*What the task requires*: Would you retype the whole listing verbatim, keeping pictures out of it?

*Information shown*:

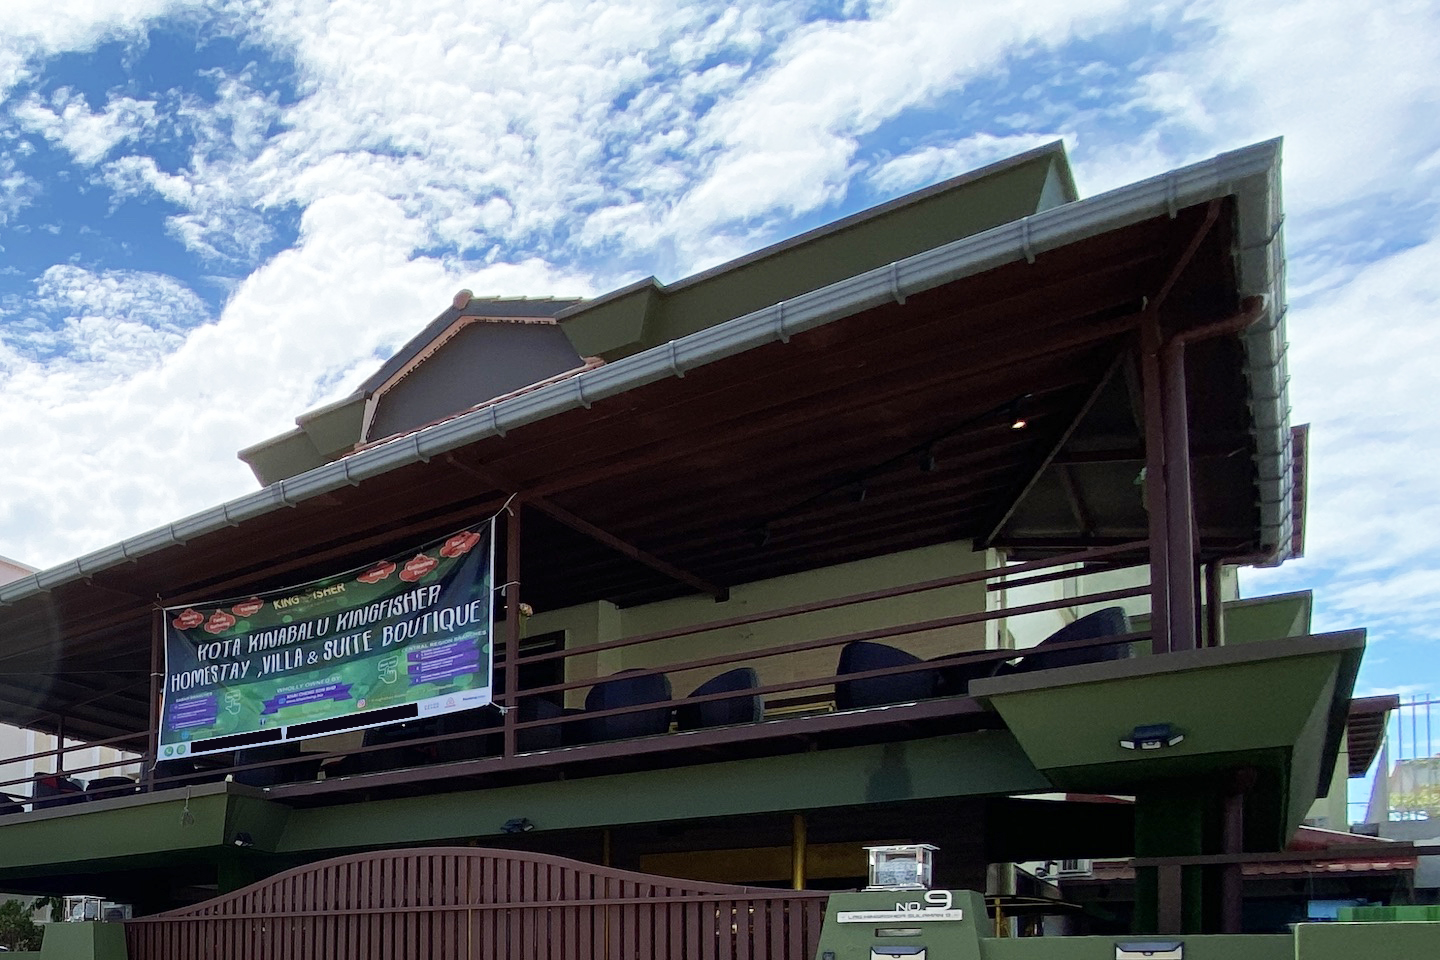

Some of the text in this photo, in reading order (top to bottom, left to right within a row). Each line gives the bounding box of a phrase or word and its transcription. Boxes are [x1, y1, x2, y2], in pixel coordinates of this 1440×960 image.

[171, 660, 250, 692] HOMESTAY
[307, 650, 318, 665] &
[323, 630, 373, 660] SUITE
[382, 600, 481, 647] BOUTIQUE
[197, 584, 442, 662] KOTA KINABALU KINGFISHER
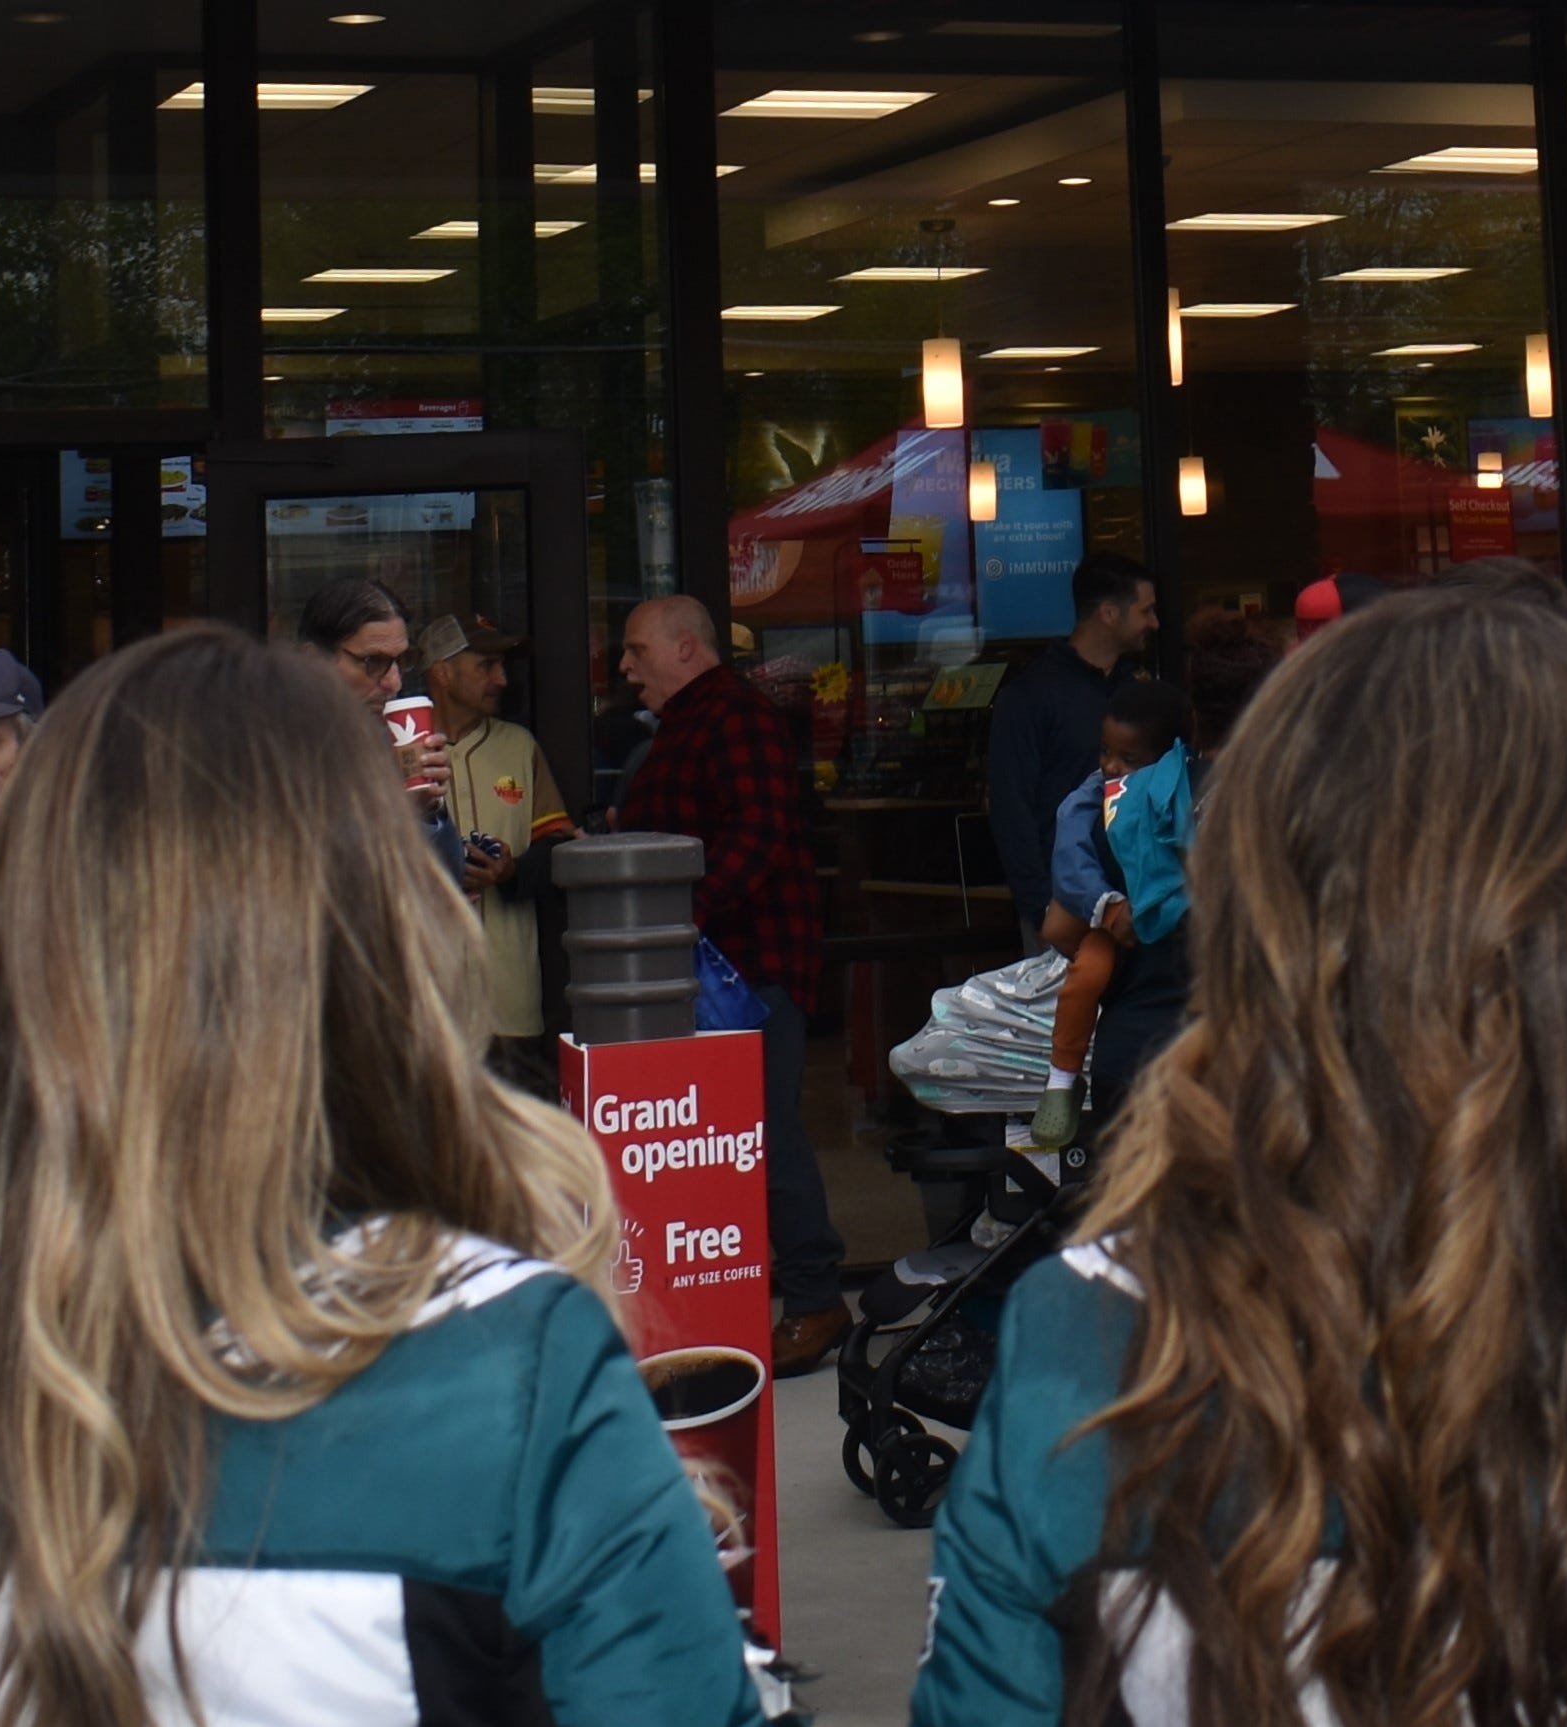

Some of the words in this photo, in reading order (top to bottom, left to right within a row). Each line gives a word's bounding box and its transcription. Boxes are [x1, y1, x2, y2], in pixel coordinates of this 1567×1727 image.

[914, 475, 1036, 492] RECHERS
[1449, 498, 1467, 512] Self
[1469, 498, 1510, 512] Checkout
[887, 558, 918, 569] Order
[892, 570, 917, 580] Here
[593, 1083, 698, 1135] Grand
[621, 1121, 764, 1183] opening!
[665, 1221, 742, 1265] Free
[672, 1274, 696, 1289] ANY
[698, 1271, 722, 1286] SIZE
[723, 1264, 763, 1282] COFFEE

*Output for this exercise*:
Some of the text in this photo, in reading order (top to bottom, left to right within a row). Each line gives the bounding box of a phrase or word and its transcription. Boxes are [x1, y1, x2, y2], in pixel coordinates of this 1440×960 image.

[171, 660, 250, 692] HOMESTAY
[307, 650, 318, 665] &
[323, 630, 373, 660] SUITE
[382, 600, 481, 647] BOUTIQUE
[197, 584, 442, 662] KOTA KINABALU KINGFISHER

Some of the words in this photo, in reading order (top to bottom, left to right within a row). Each line gives a word's bounding box and its transcription. Boxes are [x1, y1, x2, y2], in pixel coordinates of this 1567×1727 image.

[914, 475, 1036, 492] RECHERS
[1449, 498, 1467, 512] Self
[1469, 498, 1510, 512] Checkout
[887, 558, 918, 569] Order
[892, 570, 917, 580] Here
[593, 1083, 698, 1135] Grand
[621, 1121, 764, 1183] opening!
[665, 1221, 742, 1265] Free
[672, 1274, 696, 1289] ANY
[698, 1271, 722, 1286] SIZE
[723, 1264, 763, 1282] COFFEE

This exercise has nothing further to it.